Diane Lane's Jewish mother in A Walk on the Moon (1999) is named Pearl Kantrowitz; Mary Tyler Moore's in Flirting With Disaster (1996) is Pearl Coplin. Jewish isn't the first word you'd think to describe either actor, but...whatever, they both have dark hair -- and heavy, if not quite skin-deep, Joo-ish accents. Walk on the Moon, actor/presidential dreamboat Tony Goldwin's directorial debut, cast Lane as a married-with-children lady whose sexual awakening at the hands of hot boy-shiska Viggo Mortensen implodes the deceptively calm surface of her family's life. (Lane was perhaps more suited to the WASP matriarch she played in Cinema Verite, Shari Springer Berman and Robert Pulcini's evocative 2011 fictionalized take on the iconic PBS series An American Family, a.k.a. the mother of all reality television. The unqualified delight Lane takes in her flamboyantly out/outré son -- Thomas Dekker, eerily evoking Lance Loud -- is a striking, and rare, plot development even 40(!) years after the fact.) David O. Russell's Flirting With Disaster gave an impacted Ben Stiller not one but two mothers, Source of All His Inhibitions Mary Tyler Moore and Embodiment of His Worst Fears Lily Tomlin. (Fun fact: Decades before he was provoking George Clooney to fisticuffs, screaming obscenities at Tomlin, or making mental illness fun! with photogenic blonds, Russell was already dropping big hints about his twisted psyche. His 1994 Spanking the Monkey trapped an adolescent Jeremy Davies in his worst erotocomic nightmare, thanks to a striking Alberta Watson as the mother he is powerless to resist, in more ways than one.) Russell's alternately grating and hilarious Disaster provoked love-it-or-hate-it reactions, though it's worth seeing for the Glenn Fitzgerald dinner-party meltdown scene alone. James Brolin and Richard Jenkins' climactic new-gay-dads scene and a matching coda for Téa Leoni's single mother, cut from the film's original release, were restored for the DVD -- and with them the film's comic balance.

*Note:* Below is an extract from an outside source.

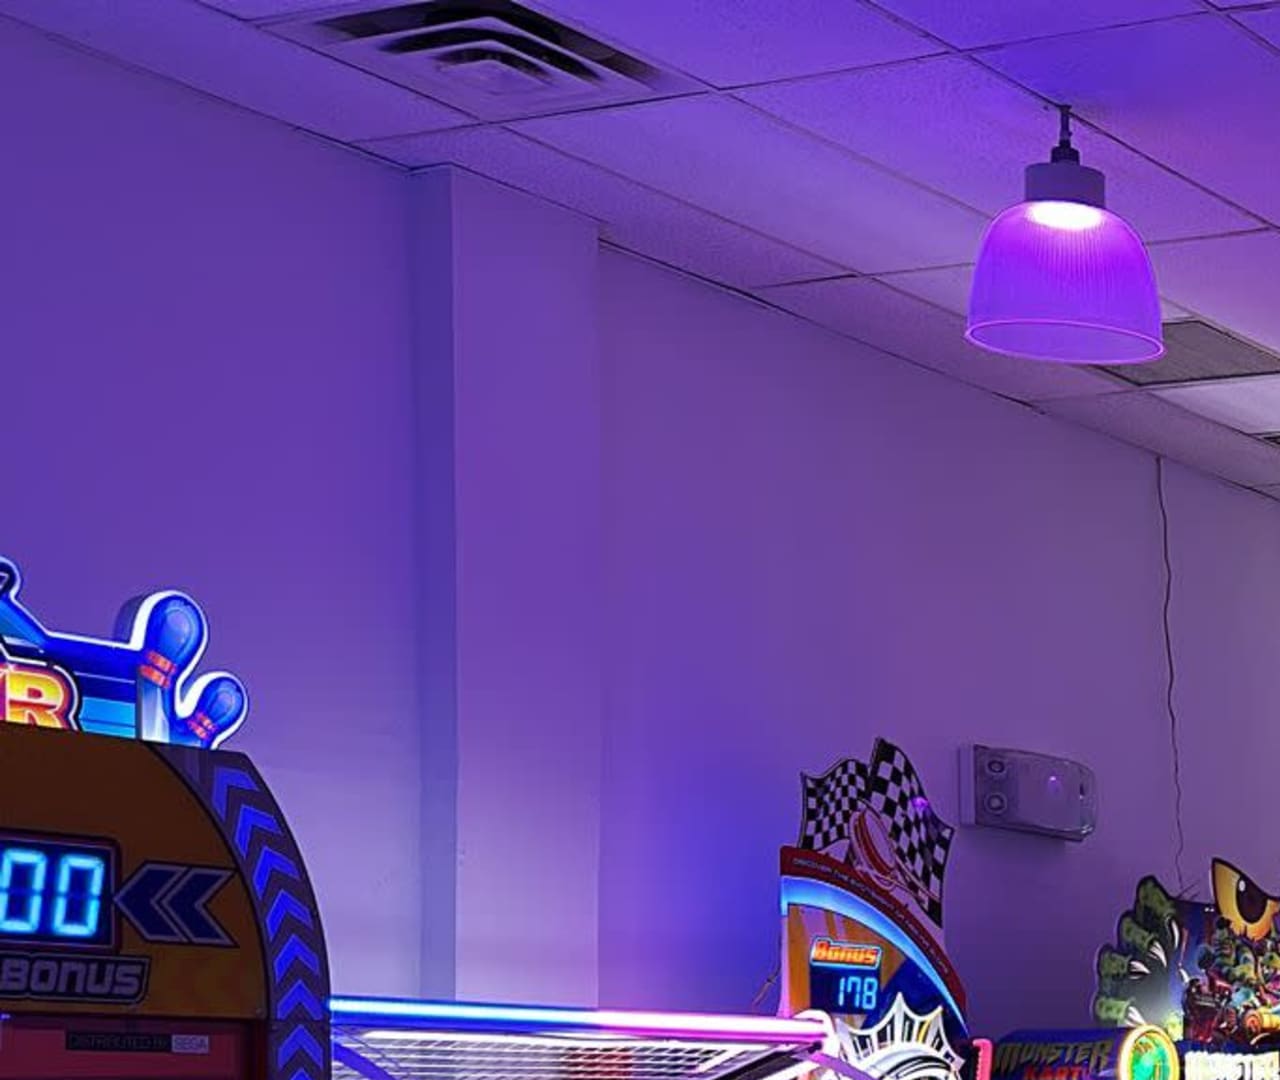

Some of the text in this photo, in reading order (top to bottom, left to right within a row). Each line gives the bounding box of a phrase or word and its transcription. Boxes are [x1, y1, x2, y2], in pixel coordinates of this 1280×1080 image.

[0, 664, 68, 728] R
[838, 977, 878, 1010] 178
[994, 1040, 1112, 1073] MONSTER

20% UM, SHE'S GOOD AT COMEDY
Post-Blind Side (2009) interracial matriarch, Sandra Bullock makes the best of an underwritten Jewish mother role, acting against a less-than-reality-based young costar in the cloying film version of Jonathan Safran Foer's underappreciated novel Extremely Loud and Incredibly Close (2011). For some reason Oscars are rarely bestowed for playing Jewish mamas.

5% WELL, HER HAIR IS CURLY

Andie McDowell, Hollywood's archetypical Jewish mother, plays Selma Lidz, ma of screen-/book (and Sports Illustrated) writer Frank, in Diane "Annie Hall" Keaton's adaption of the critically acclaimed memoir Unstrung Heroes (1995). As wacky uncle Sid Lidz, John Turturro continues the fine Hollywood tradition of Italians playing Jews.

1% BAD FOR THE JEWS
Meryl Streep's turn in the remarkably charmless comedy Prime (2005), as a shrink whose son falls for one of her patients (Uma Thurman), borders on Jewface. The usually nuanced Streep was equally unsubtle as a Jewess in her feature debut, Julia (1977), and as Heartburn's (1986) Nora Ephron stand-in. The famously-maternal-in-real-life actress did shine in other matriarchal roles, however: philandering martyr momma in The Bridges of Madison County (1995), child abandoner in Kramer vs. Kramer (1979) and Manhattan's (1979) hilariously dismissive lesbian mom.

And just in time for Father's Day...
Everybody's favorite daddy's girl Jennifer Aniston has yen for parenthood in 2010's The Switch, and it accidentally leads to a boy (Thomas Robinson, wonderful) whose highly anxious nature echoes that of Aniston's BFF Jason Bateman. An astringent yet achingly tender father-son love story, Switch boasts a diverting, prickly script -- based on a Jeffrey Eugenides short story -- refreshingly adult chemistry between real-life buds Bateman and Aniston, and for additional flavor, the comedy stylings of Jeff Goldblum, Juliette Lewis and Patrick Wilson.